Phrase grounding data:

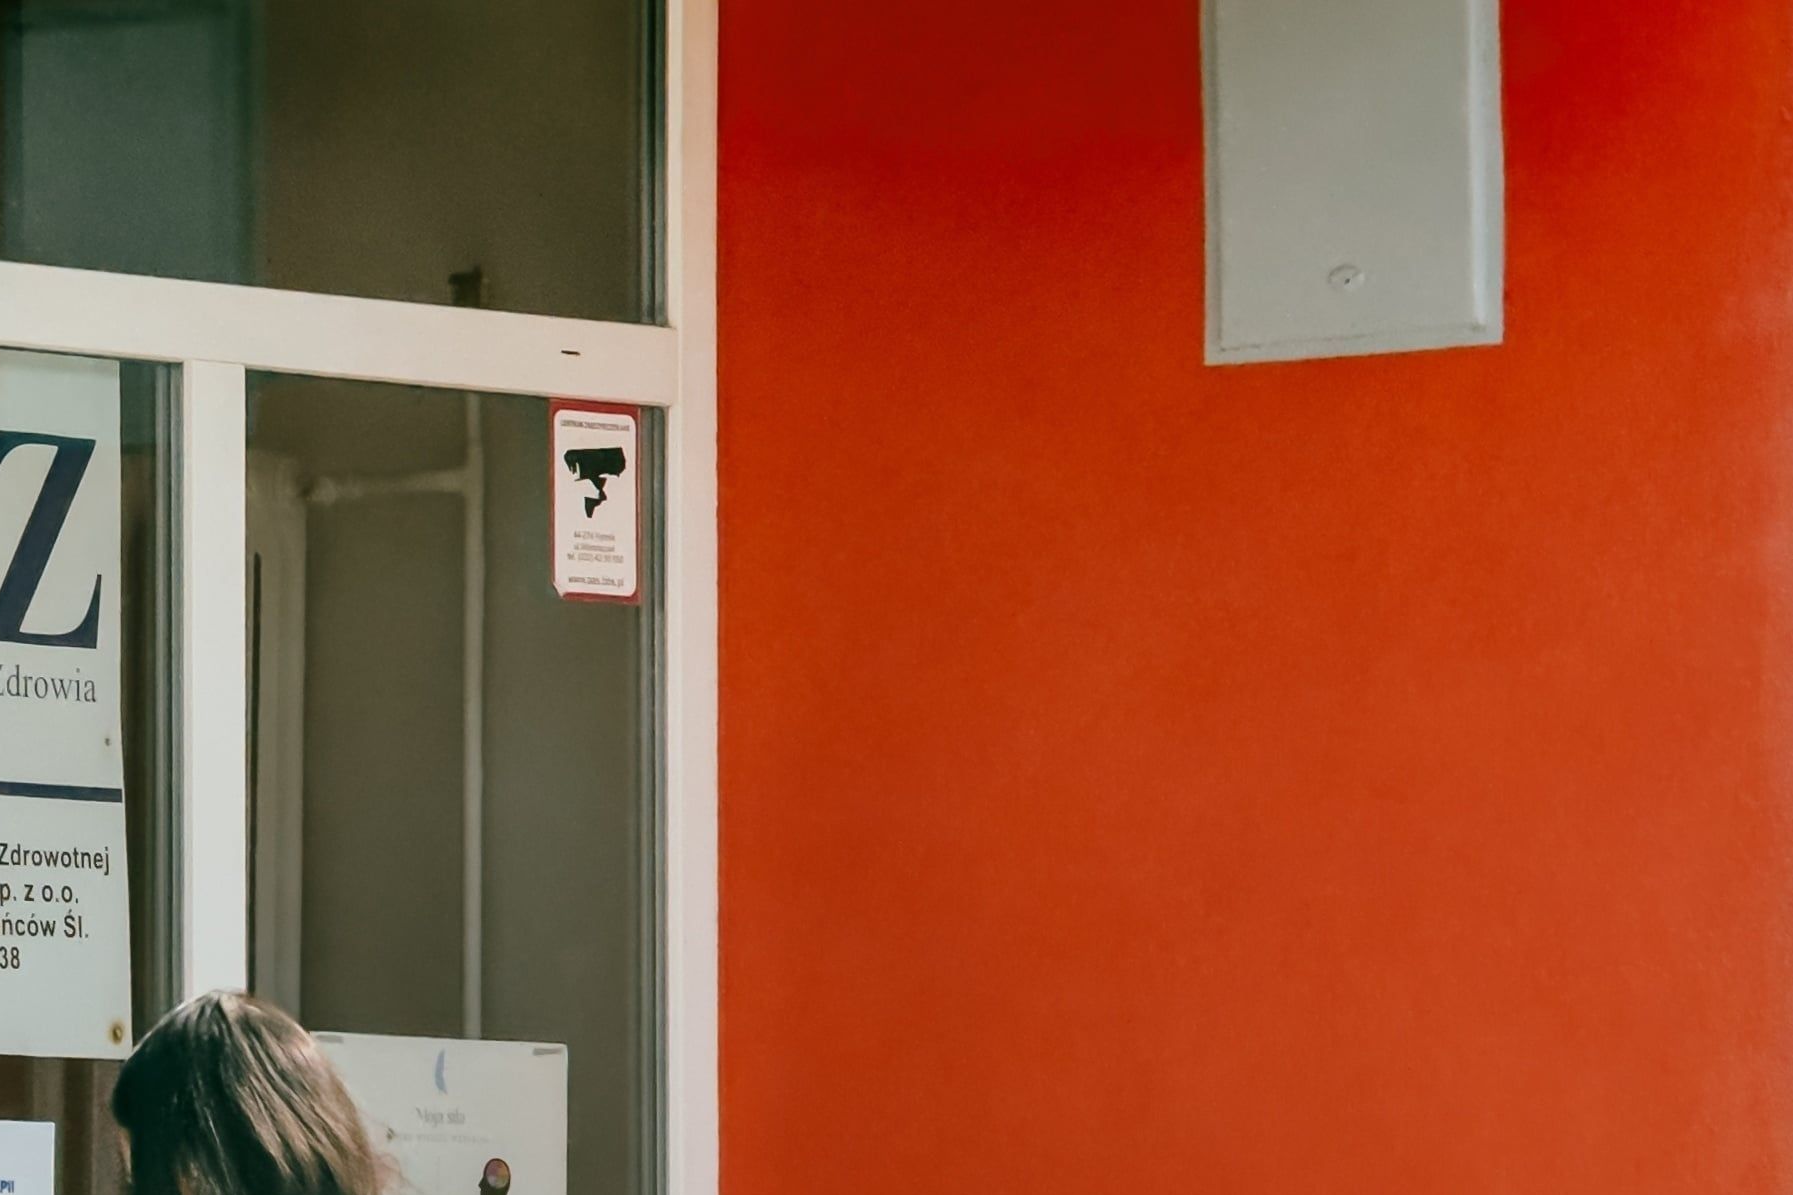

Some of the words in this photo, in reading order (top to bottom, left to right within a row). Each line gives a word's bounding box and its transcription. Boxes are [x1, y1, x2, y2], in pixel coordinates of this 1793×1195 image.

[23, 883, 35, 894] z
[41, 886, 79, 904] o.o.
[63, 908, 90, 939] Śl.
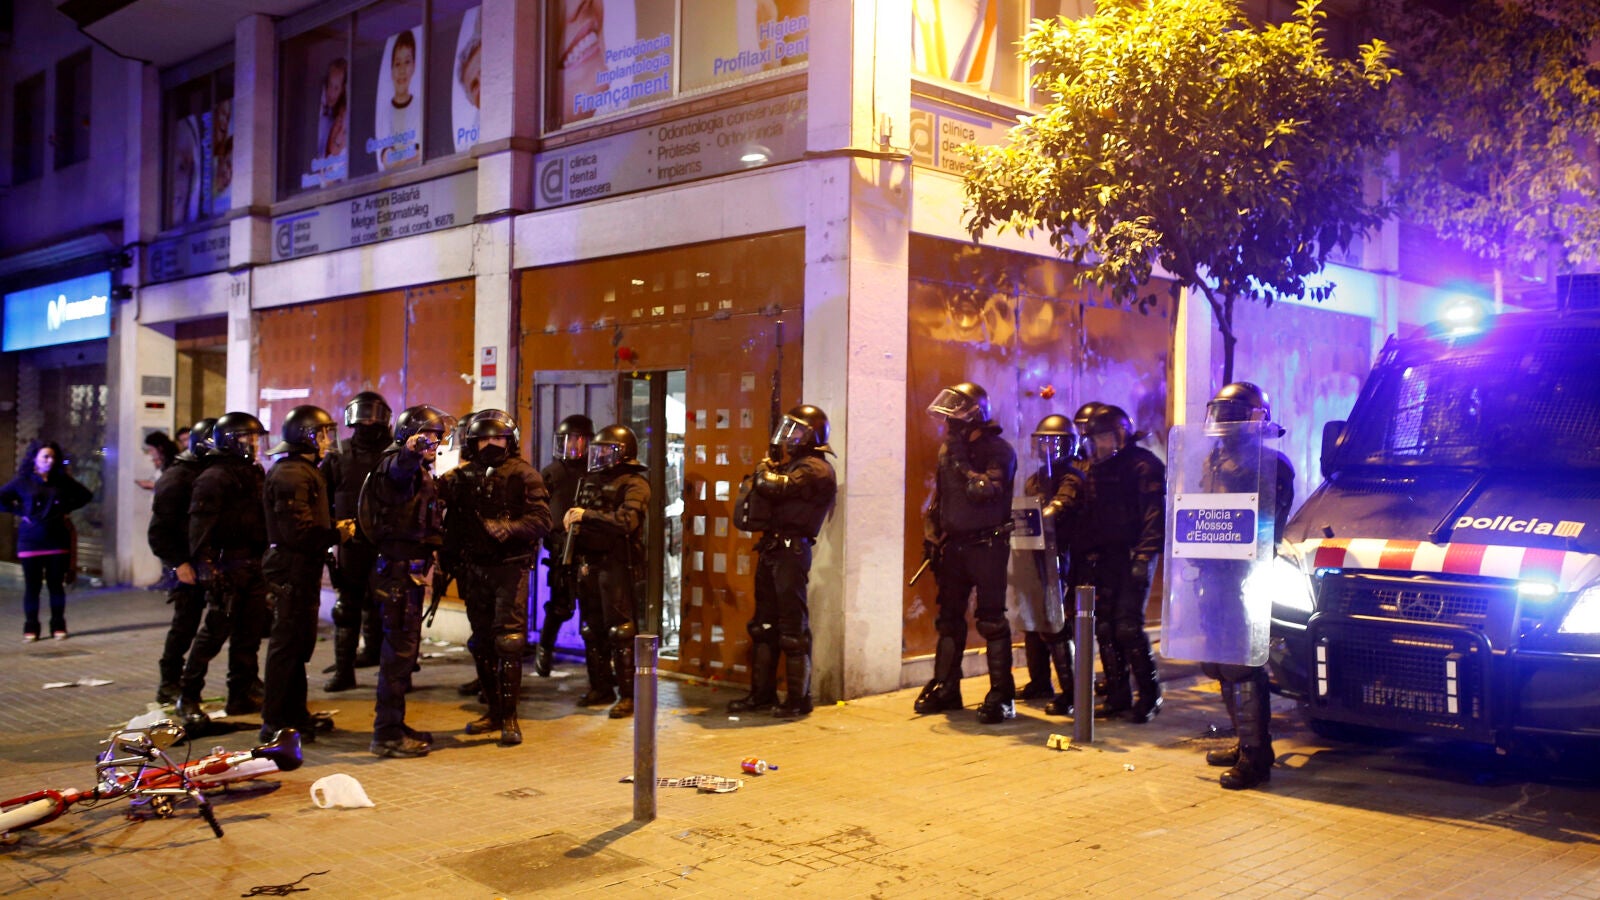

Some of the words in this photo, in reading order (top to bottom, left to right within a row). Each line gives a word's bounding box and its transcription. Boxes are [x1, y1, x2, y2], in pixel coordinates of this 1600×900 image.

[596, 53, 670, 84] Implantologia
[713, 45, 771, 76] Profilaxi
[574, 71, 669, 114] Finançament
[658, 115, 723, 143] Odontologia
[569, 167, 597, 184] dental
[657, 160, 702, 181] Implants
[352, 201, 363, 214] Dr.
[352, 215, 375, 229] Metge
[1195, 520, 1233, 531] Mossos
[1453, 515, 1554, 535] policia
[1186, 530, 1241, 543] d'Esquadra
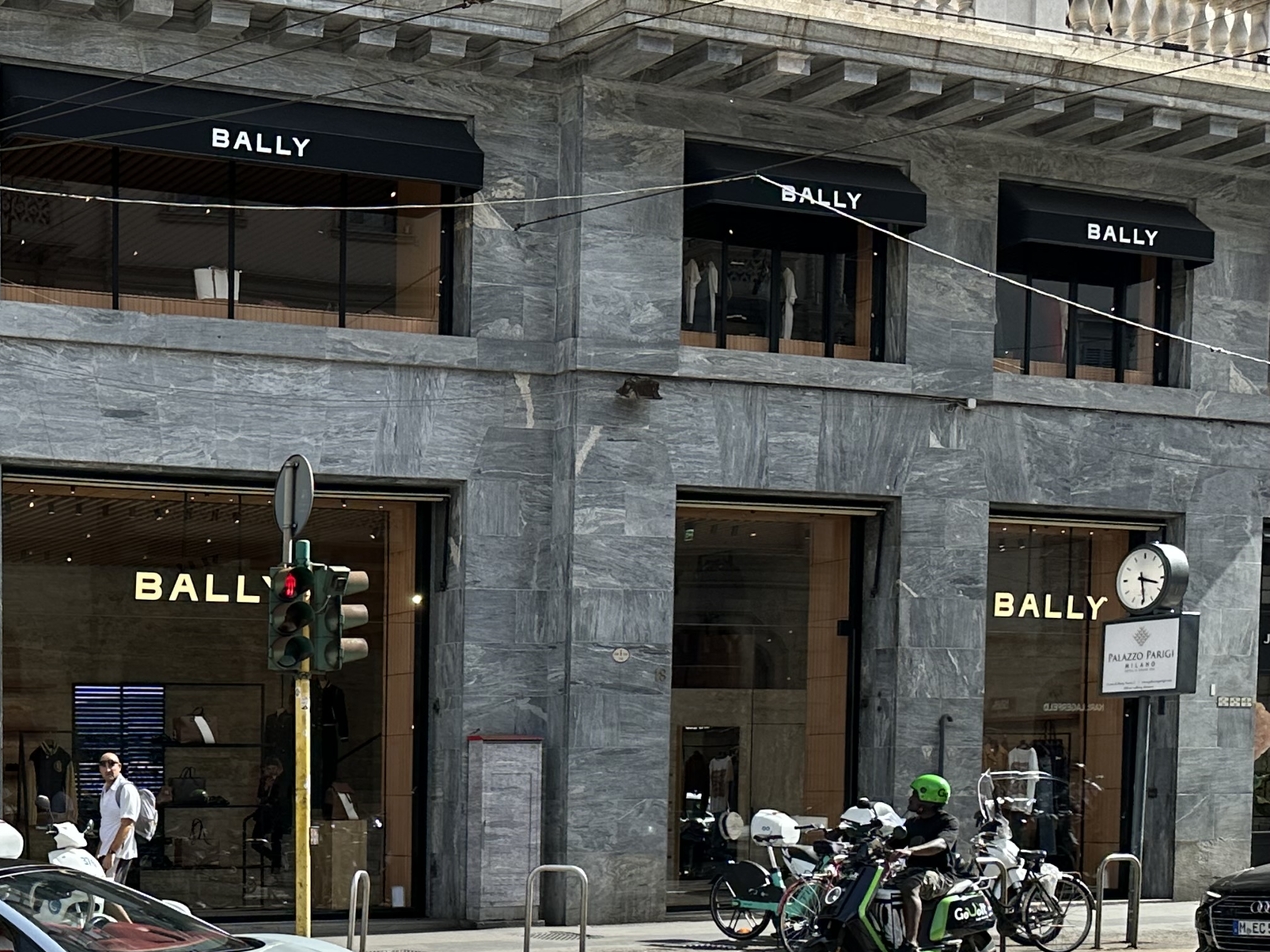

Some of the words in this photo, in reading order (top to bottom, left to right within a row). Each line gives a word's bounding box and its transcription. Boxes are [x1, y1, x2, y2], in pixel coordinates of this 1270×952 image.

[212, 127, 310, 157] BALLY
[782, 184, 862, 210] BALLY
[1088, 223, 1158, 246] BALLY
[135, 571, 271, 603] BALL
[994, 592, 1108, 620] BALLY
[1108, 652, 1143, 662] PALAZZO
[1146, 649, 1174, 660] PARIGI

Task directions
Look for the line with "this 1270×952 image." in the records above. Repeat it and each line after it exactly.

Result of this exercise
Some of the words in this photo, in reading order (top to bottom, left to right within a row). Each line gives a word's bounding box and its transcription. Boxes are [x1, y1, x2, y2], in pixel coordinates of this 1270×952 image.

[212, 127, 310, 157] BALLY
[782, 184, 862, 210] BALLY
[1088, 223, 1158, 246] BALLY
[135, 571, 271, 603] BALL
[994, 592, 1108, 620] BALLY
[1108, 652, 1143, 662] PALAZZO
[1146, 649, 1174, 660] PARIGI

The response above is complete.